Afortunadamente, ninguna medida humana es eterna. Son fruto de una realidad concreta y se adecuan a las circunstancias. Con el tiempo hay que modificarlas para ir adaptándolas a factores que eran imposibles de prever cuando se tomó el acuerdo. Eso pasa con todo, con las pensiones, las constituciones, el matrimonio y hasta con los dogmas de fe. Son construcciones humanas que evolucionan con el hombre.
Con las pensiones, como he señalado, pasa lo mismo. Cuando se instauró el Estado del bienestar, tras la II Guerra Mundial, los trabajadores solían empezar a trabajar a una edad muy joven y cuando se jubilaban, a los cincuenta y pocos años, tenían una esperanza de vida que raramente sobrepasaba los diez años. Hasta ayer mismo, la edad de jubilación era a los 65 años y se ha tenido que modificar. ¿Por qué?
Por un motivo esencial: para conservar el derecho a una pensión. Hoy día, gracias a nuevas condiciones laborales, mejor alimentación y a las provisiones médicas, la supervivencia media de los españoles supera los 82 años. Es decir, duplica a la de hace apenas 50 ó 100 años. Esa longevidad representa una carga considerable para cualquier economía pública, que ha de “cuadrar” sus cuentas en función de los ingresos.

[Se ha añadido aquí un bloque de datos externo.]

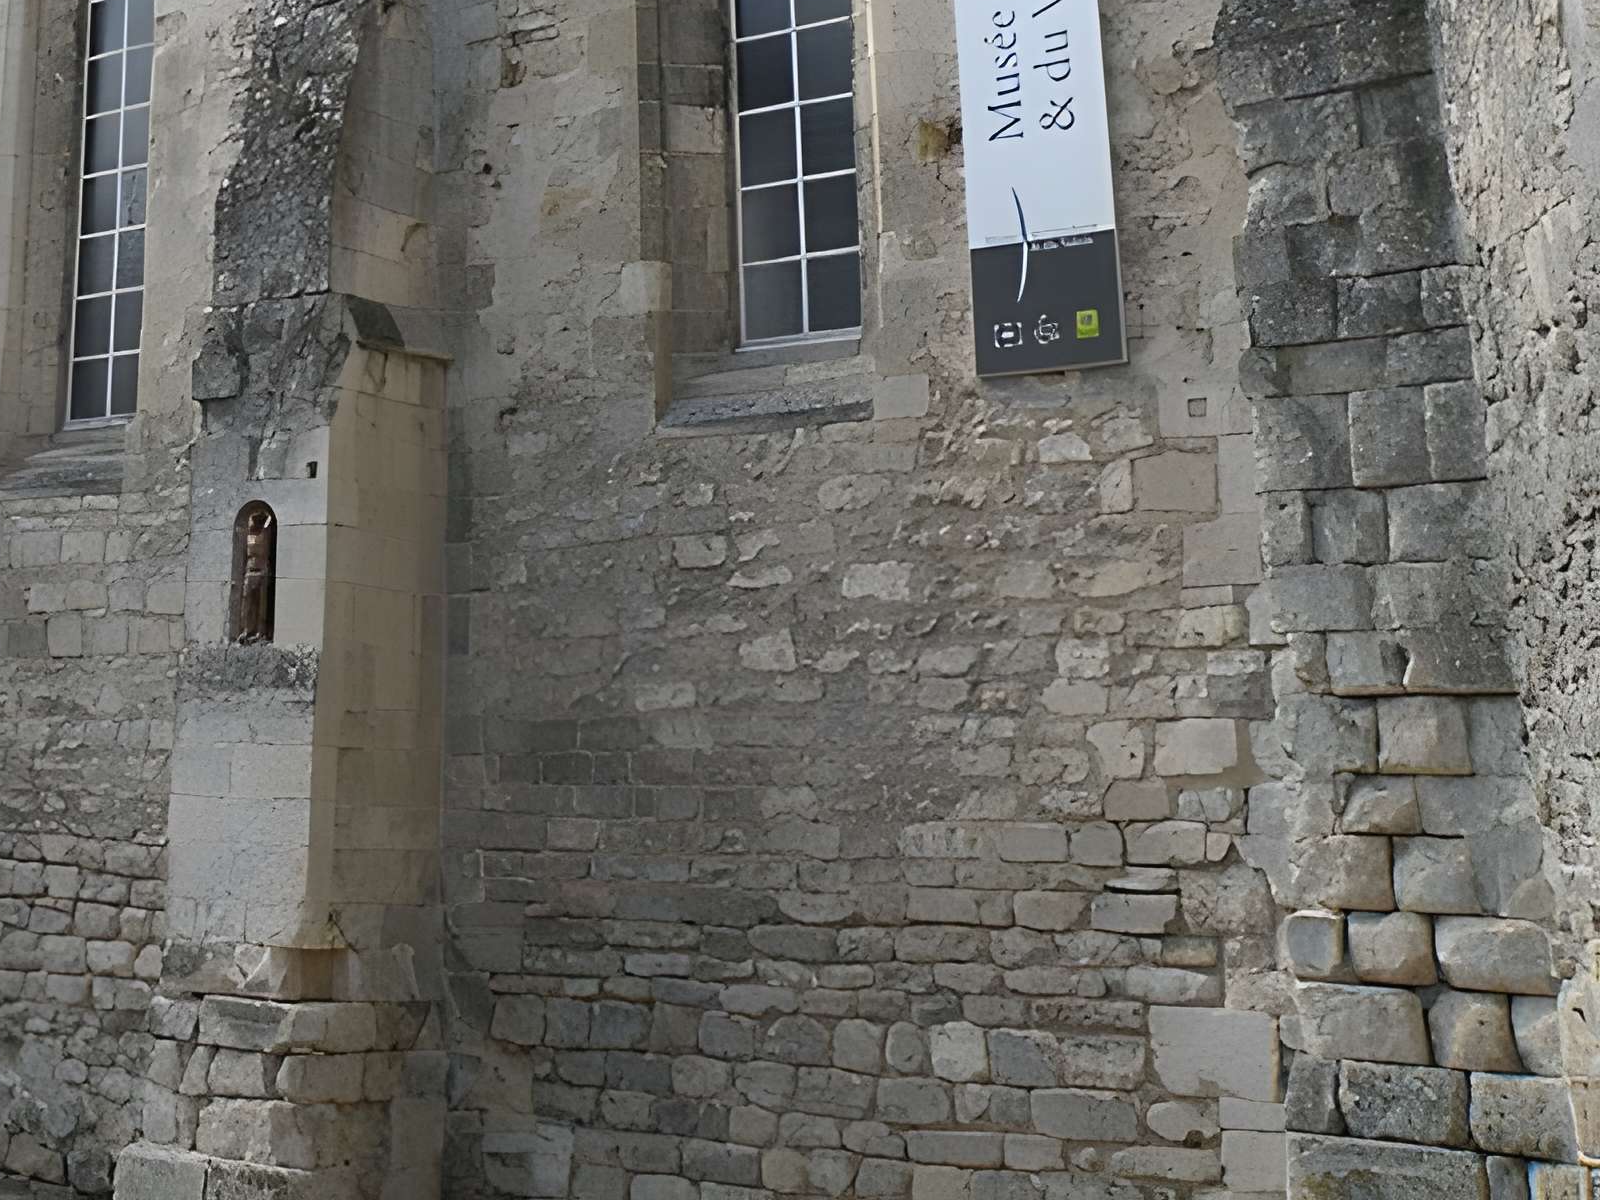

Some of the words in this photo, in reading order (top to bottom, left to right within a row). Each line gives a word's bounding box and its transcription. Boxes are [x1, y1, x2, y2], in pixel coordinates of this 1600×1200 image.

Pero es que, además, si a mediados del siglo pasado las masas trabajadoras eran significativamente más numerosas que las clases pasivas, hoy esa pirámide poblacional, a causa de la baja natalidad, casi se ha invertido. El “pico” de la pirámide no sólo se ensancha considerablemente, sino que tiene una supervivencia alargada que le permite disfrutar de su pensión por muchos años, a veces durante un período similar al trabajado. Las proyecciones demográficas estiman que, en 2050, España se podría convertir en uno de los países más envejecidos del mundo, con más de 14 millones de personas superiores a los 65 años, prácticamente a un pensionista por trabajador.
Y es que la base que cotiza -afiliados a la seguridad social- mengua. El número de trabajadores que aportan recursos para sostener las pensiones, entre otros derechos, se ha visto reducido por la baja natalidad que ha experimentado la sociedad española. Esa tasa de dependencia también se ve decrecer en los últimos años por el impacto de la crisis económica y el altísimo número de parados.
Todo ello abocaba a la insostenibilidad del sistema. La solución no era dejar que éste quebrase ni suprimir el principio de una jubilación justa y necesaria. Había que encontrar valor para decidir el retraso de la edad de jubilación –de 65 a 67 años, puesto que se vive más años- y ampliar el período de cómputo (de 15 años a 25) para determinar su cuantía, que actualmente está en una media de 1.107 euros mensuales, según datos de CC.OO.
Es evidente que estos cambios son impopulares y siempre se han evitado. Tanto es así que, en puridad, este problema junto a otras deficiencias del Estado del bienestar se debe a la pusilanimidad política más que a la crisis económica, como denuncia Tony Judt.
Pero lo más importante de estas medidas es que rompe con el concepto de que el sistema de pensiones es intocable e instaura la revisión periódica para corregir sus deficiencias sin que por ello se cometa sacrilegio alguno. Simplemente se adoptan medidas para evitar el colapso del sistema y se garantiza el futuro de las pensiones en virtud de las nuevas circunstancias. Afortunadamente.